Je suis traductrice ? Un coup de bol, on m’a recommandée et depuis mes éditeurs ont pitié de moi. J’ai écrit des romans ? Oui, mais ils sont vraiment perfectibles / ce n’est “que” de la romance (ouais et en plus j’écrabouille mes propres principes au passage) / j’ai la chance de connaître du monde dans le milieu de l’édition.
J’ai une fille adorable et facile à vivre ? Oui, mais je suis une mauvaise mère et un jour on finira bien par s’en rendre compte…
Je ne poursuis pas, je pense que vous avez saisi l’idée générale.

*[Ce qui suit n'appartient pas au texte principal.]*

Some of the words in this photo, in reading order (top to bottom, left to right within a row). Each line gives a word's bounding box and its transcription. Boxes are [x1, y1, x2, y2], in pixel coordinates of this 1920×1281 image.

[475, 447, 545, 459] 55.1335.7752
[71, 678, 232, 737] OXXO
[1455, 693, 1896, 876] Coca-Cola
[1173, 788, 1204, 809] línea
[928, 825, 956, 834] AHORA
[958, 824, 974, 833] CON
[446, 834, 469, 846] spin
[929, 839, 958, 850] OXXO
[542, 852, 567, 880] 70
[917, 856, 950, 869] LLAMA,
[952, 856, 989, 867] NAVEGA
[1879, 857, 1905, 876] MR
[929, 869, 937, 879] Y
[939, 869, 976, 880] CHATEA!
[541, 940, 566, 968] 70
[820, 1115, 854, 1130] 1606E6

Alors, d’où ça vient ? Tout d’abord, je pense qu’à l’origine, mon souci dans la vie est de ne pas être un garçon : attention, je suis très contente d’être une fille mais à certaines étapes de ma vie on m’a fait (involontairement) sentir que l’inverse aurait été mieux. Du coup, dans un coin de ma tête, prendre le pouvoir / passer à l’acte / réussir n’est pas possible, puisque je ne suis pas un garçon (gardez vos leçons de féminisme, il est question de mon inconscient, pas de ce que je pense, nuance).
En plus, comme je suis un peu maligne et que je déteste échouer, j’ai toujours fait en sorte de ne pas me trouver en situation d’échec en fournissant le minimum d’efforts. Mauvaise en sport ? Hop, je clame que je n’aime pas ça et qu’on ne vienne pas m’embêter avec des discours sur l’effort et les progrès.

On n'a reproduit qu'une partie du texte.